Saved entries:
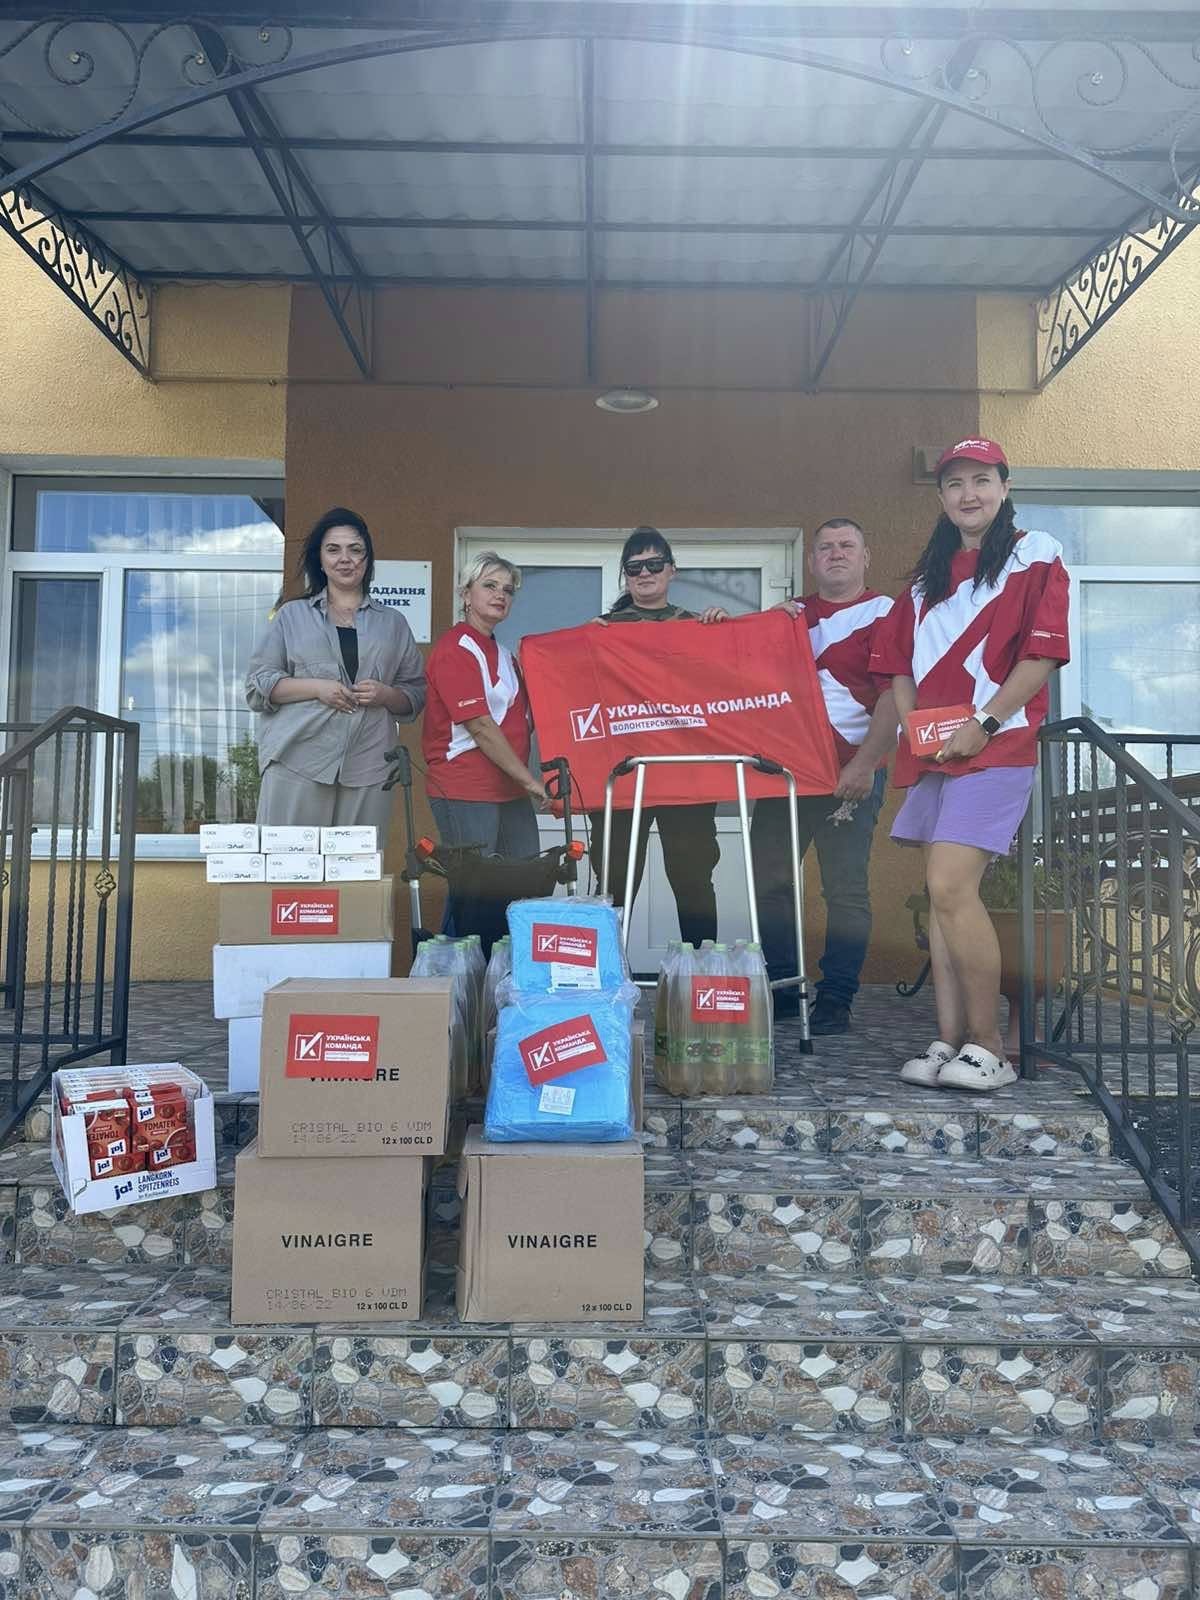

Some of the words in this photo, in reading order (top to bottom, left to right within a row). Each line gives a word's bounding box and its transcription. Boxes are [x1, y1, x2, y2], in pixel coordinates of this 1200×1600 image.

[369, 587, 425, 595] АДАННЯ
[606, 700, 704, 719] УКРАЇНСЬКА
[706, 691, 793, 715] КОМАНДА
[325, 1033, 371, 1042] УКРАЇНСЬКА
[139, 1107, 152, 1120] ja!
[144, 1120, 176, 1131] TOMATEN
[291, 1122, 349, 1133] CRISTAL
[357, 1122, 383, 1132] BIO
[382, 1137, 391, 1145] 12
[399, 1137, 413, 1145] 100
[414, 1136, 425, 1144] CL
[426, 1136, 433, 1144] D
[156, 1149, 169, 1161] ja!
[97, 1160, 110, 1173] ja!
[114, 1181, 133, 1200] ja!
[138, 1178, 180, 1193] SPITZENREIS
[281, 1233, 373, 1248] VINAIGRE
[508, 1234, 597, 1248] VINAIGRE
[265, 1288, 323, 1299] CRISTAL
[332, 1288, 357, 1298] BIO
[365, 1288, 374, 1298] 6
[357, 1302, 366, 1310] 12
[374, 1302, 388, 1310] 100
[389, 1302, 401, 1310] CL
[401, 1301, 408, 1309] D
[599, 1303, 612, 1311] 100
[613, 1303, 624, 1311] CL
[625, 1303, 632, 1311] D
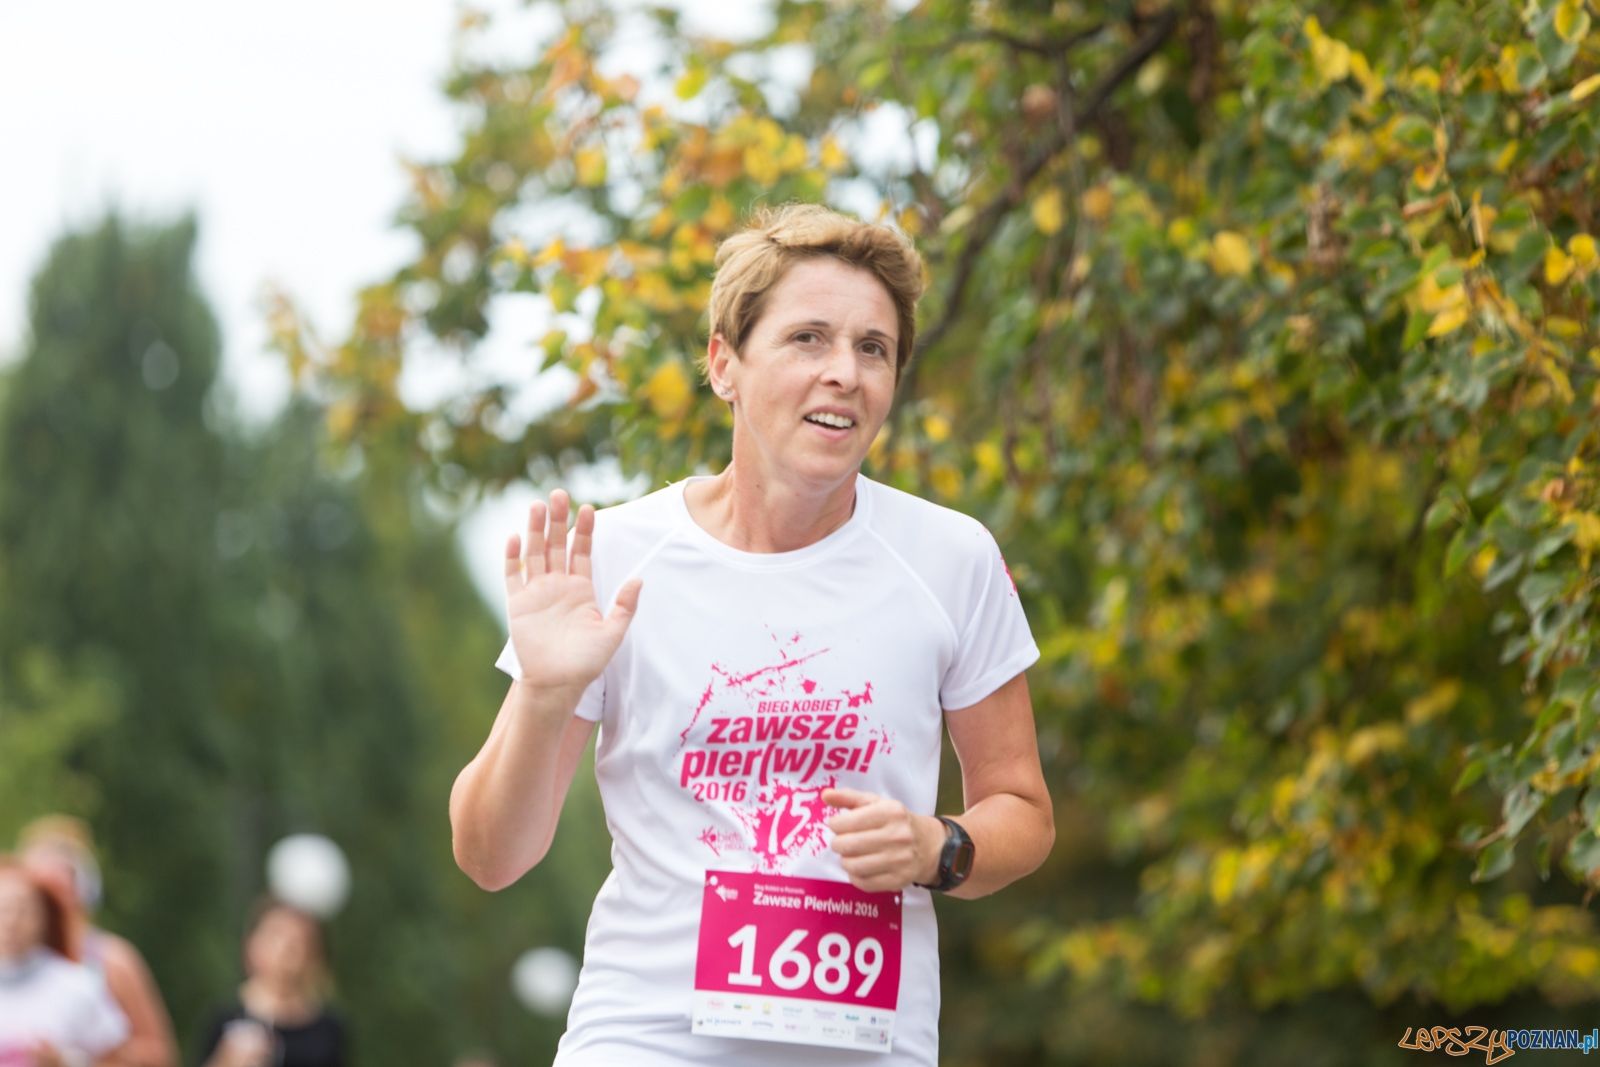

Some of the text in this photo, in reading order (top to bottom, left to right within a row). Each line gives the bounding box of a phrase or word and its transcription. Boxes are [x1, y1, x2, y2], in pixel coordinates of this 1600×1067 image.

[757, 699, 842, 714] BIEG KOBIET
[706, 713, 859, 744] zawsze
[691, 781, 748, 803] 2016
[765, 791, 819, 855] 15
[753, 891, 801, 908] Zawsze
[804, 895, 853, 916] Pier(w)si
[854, 903, 879, 918] 2016
[727, 924, 884, 998] 1689
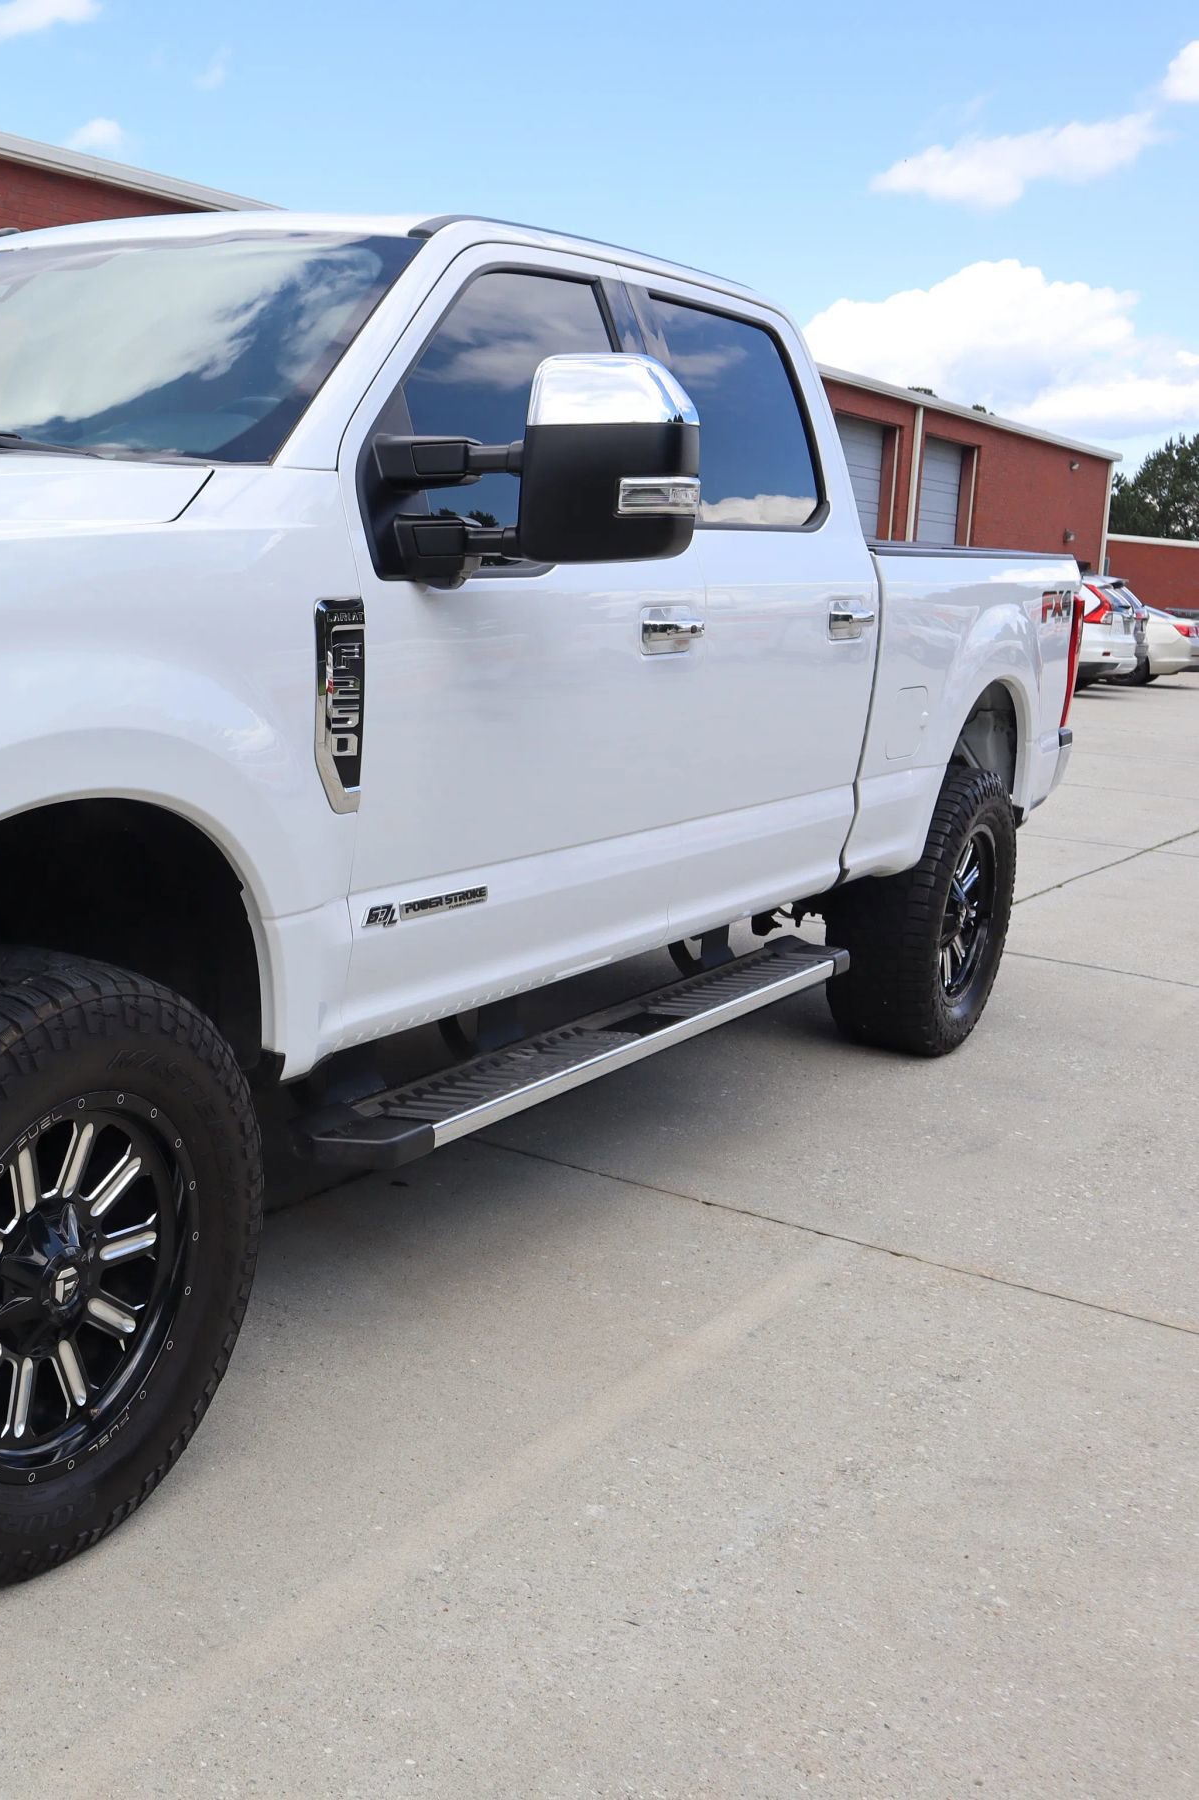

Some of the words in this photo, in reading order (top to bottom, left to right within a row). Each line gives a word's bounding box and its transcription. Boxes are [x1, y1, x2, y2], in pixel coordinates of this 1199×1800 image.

### [Your goal]
Excluding the pictures, transcribe each entry above word for word.

### [Completed exercise]
Some of the words in this photo, in reading order (top to bottom, left to right within a row). Each line gives a word's bounding box and its transcription. Boxes are [x1, y1, x2, y2], in pixel coordinates of this 1200×1600 image.

[369, 587, 425, 595] АДАННЯ
[606, 700, 704, 719] УКРАЇНСЬКА
[706, 691, 793, 715] КОМАНДА
[325, 1033, 371, 1042] УКРАЇНСЬКА
[139, 1107, 152, 1120] ja!
[144, 1120, 176, 1131] TOMATEN
[291, 1122, 349, 1133] CRISTAL
[357, 1122, 383, 1132] BIO
[382, 1137, 391, 1145] 12
[399, 1137, 413, 1145] 100
[414, 1136, 425, 1144] CL
[426, 1136, 433, 1144] D
[156, 1149, 169, 1161] ja!
[97, 1160, 110, 1173] ja!
[114, 1181, 133, 1200] ja!
[138, 1178, 180, 1193] SPITZENREIS
[281, 1233, 373, 1248] VINAIGRE
[508, 1234, 597, 1248] VINAIGRE
[265, 1288, 323, 1299] CRISTAL
[332, 1288, 357, 1298] BIO
[365, 1288, 374, 1298] 6
[357, 1302, 366, 1310] 12
[374, 1302, 388, 1310] 100
[389, 1302, 401, 1310] CL
[401, 1301, 408, 1309] D
[599, 1303, 612, 1311] 100
[613, 1303, 624, 1311] CL
[625, 1303, 632, 1311] D

Some of the text in this photo, in reading order (top to bottom, left to right within a row). Each line gives the bounding box of a phrase or word and its transcription. Boxes are [x1, y1, x2, y2], in pixel coordinates of this 1600×1067 image.

[757, 699, 842, 714] BIEG KOBIET
[706, 713, 859, 744] zawsze
[691, 781, 748, 803] 2016
[765, 791, 819, 855] 15
[753, 891, 801, 908] Zawsze
[804, 895, 853, 916] Pier(w)si
[854, 903, 879, 918] 2016
[727, 924, 884, 998] 1689

Some of the words in this photo, in reading order (top to bottom, left to right within a row). Each line gives a word's bounding box and its transcription. Boxes are [x1, y1, x2, y2], in pixel coordinates of this 1199×1800 image.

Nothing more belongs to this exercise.